Toutefois, on n’échappe pas à son ADN : Constant Deviants est un groupe de la toute fin du siècle dernier, époque où il s’agissait de tout donner en studio car les occasions d’enregistrer ne se représentaient pas toujours. Il en résulte une approche assez spontanée de la musique : pas d’interludes, pas de morceaux bouche-trous et la volonté de faire de chaque piste un événement. Du coup, Avant Garde contient beaucoup de titres parfaits pour les mixes (« Avant Garde », « Standards », « The Right Moment ») mais aussi quelques passages un peu moins enthousiasmants (« U Know What » et « M’s 4 Milleniums », qui avait plus la tête d’un bonus track).
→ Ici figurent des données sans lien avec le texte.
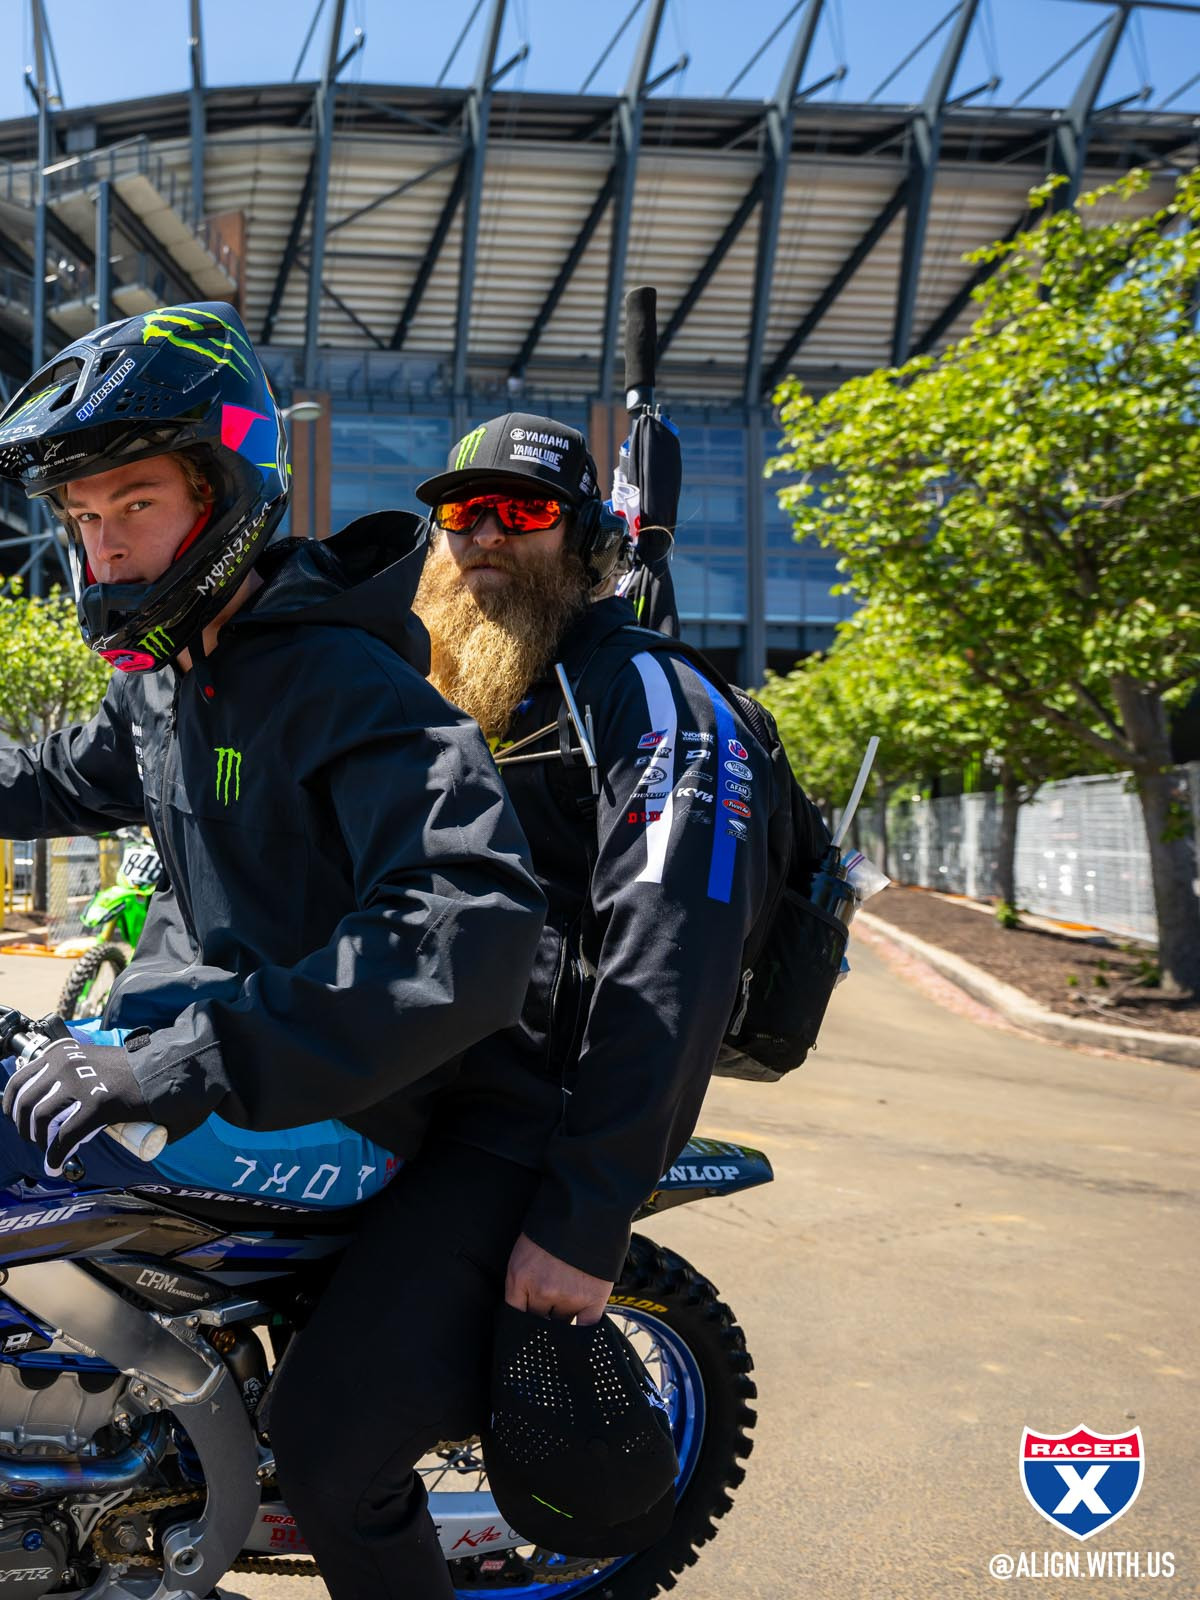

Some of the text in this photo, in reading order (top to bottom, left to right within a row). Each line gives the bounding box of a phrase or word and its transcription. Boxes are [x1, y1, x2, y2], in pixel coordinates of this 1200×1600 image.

L’ensemble n’est pas forcément très cohérent mais témoigne en tout cas d’une maîtrise certaine qu’incarne parfaitement M.I. : dans un rap de la côte Est « canal historique » manquant cruellement de personnalités marquantes (on n’a pas fini de regretter Sean Price), le garçon fait figure d’exception. Pas de démonstration de technique, peu de variations dans le ton, un goût modéré pour les punchlines mais quand sa voix sort de l’enceinte, on tend l’oreille. Et on ne rate pas une miette des egotrips souriants (« End All Be All »), des moments plus intimistes (« I’m Still up ») ou des histoires sombres (« Which One »).
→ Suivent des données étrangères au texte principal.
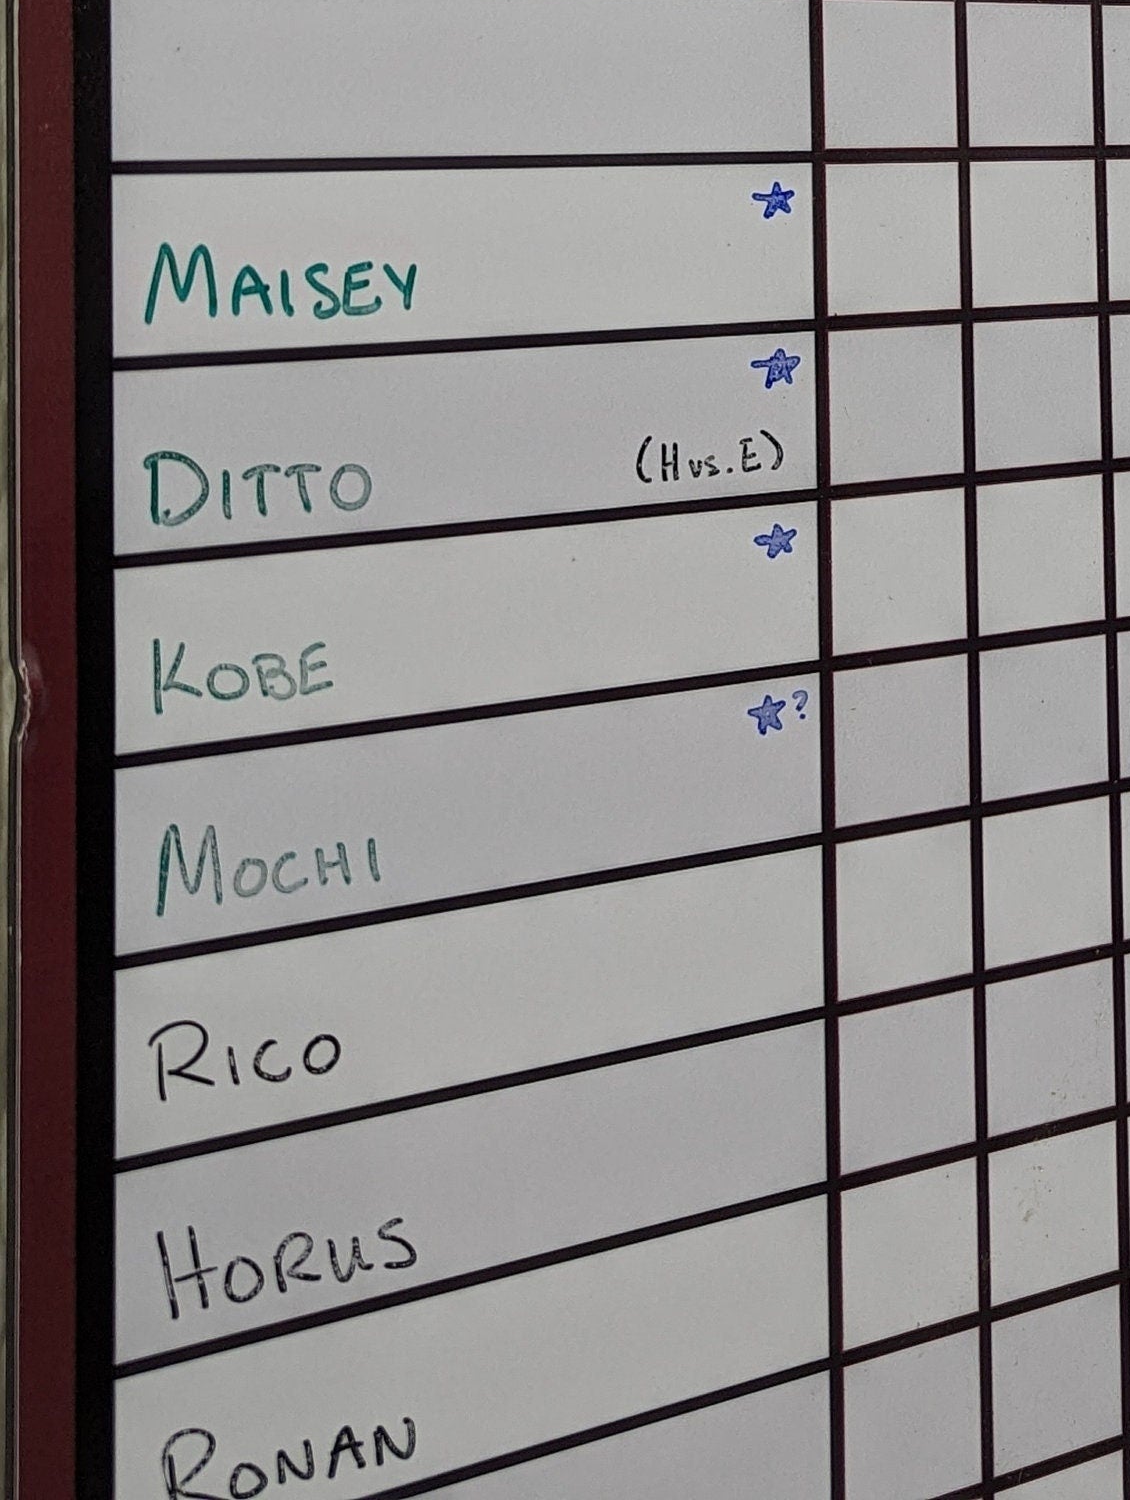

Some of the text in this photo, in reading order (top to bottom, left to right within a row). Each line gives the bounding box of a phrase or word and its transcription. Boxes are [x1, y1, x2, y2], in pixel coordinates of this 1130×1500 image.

[144, 242, 418, 326] MAISEY
[143, 450, 373, 528] DITTO
[152, 637, 334, 716] KOBE
[790, 689, 810, 722] ?
[155, 822, 383, 918] MOCHI
[148, 1020, 343, 1102] RICO
[155, 1217, 418, 1320] HORUS
[161, 1415, 417, 1500] RONAN
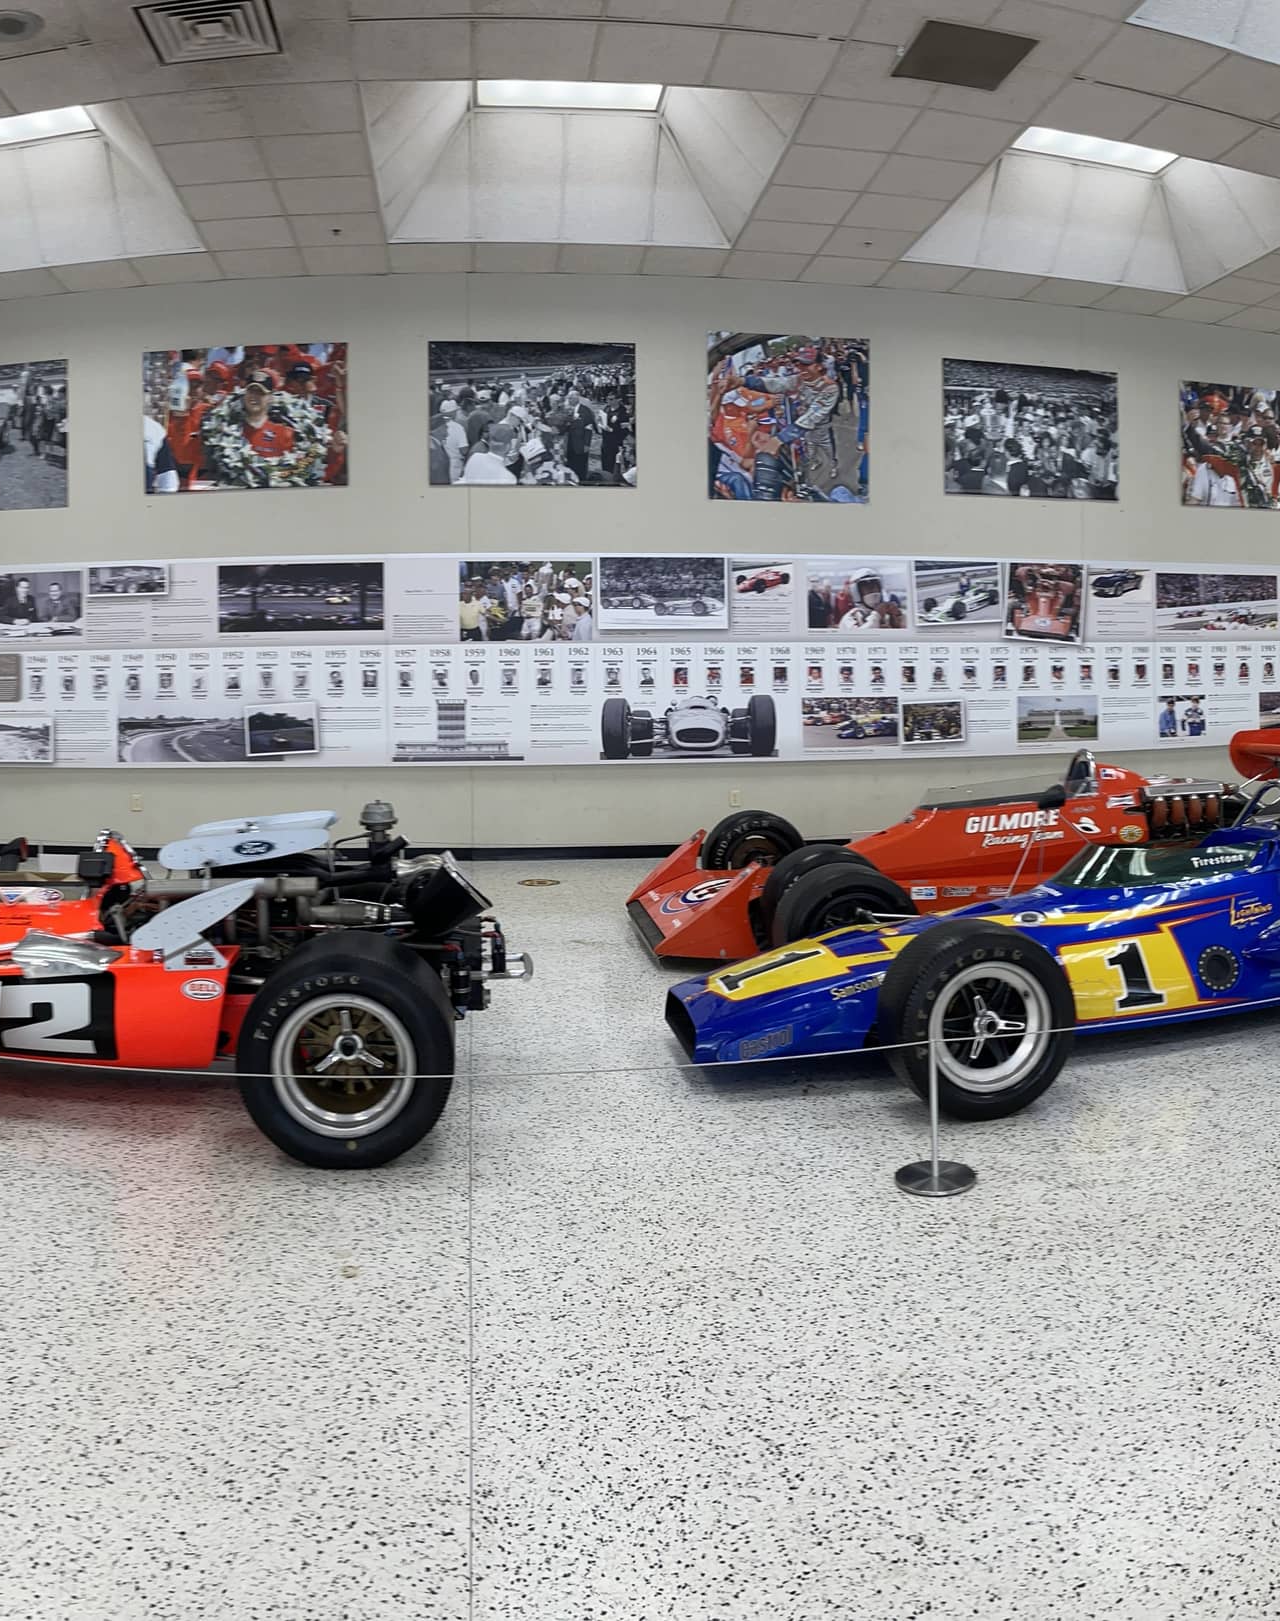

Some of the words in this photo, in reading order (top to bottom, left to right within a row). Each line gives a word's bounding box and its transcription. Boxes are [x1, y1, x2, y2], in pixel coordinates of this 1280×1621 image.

La façon de poser, la voix, la sobriété de l’écriture ? Peu importe. On touche là à ce qui rend le travail de Constant Deviants si appréciable : le savoir-faire. Les gars ont bourlingué ensemble, se sont quittés, ont côtoyé les plus grands, se sont retrouvés. Ont accumulé de l’expérience, sans pour autant rompre avec leur fraîcheur d’antan. Ils sont donc dans leur pic de forme, à point pour faire ce qu’ils savent faire de mieux : sortir de la bonne musique. Alors, à défaut de réellement les considérer comme une avant-garde de quoi que ce soit, souhaitons-leur, et à nous aussi, que cette période faste dure longtemps.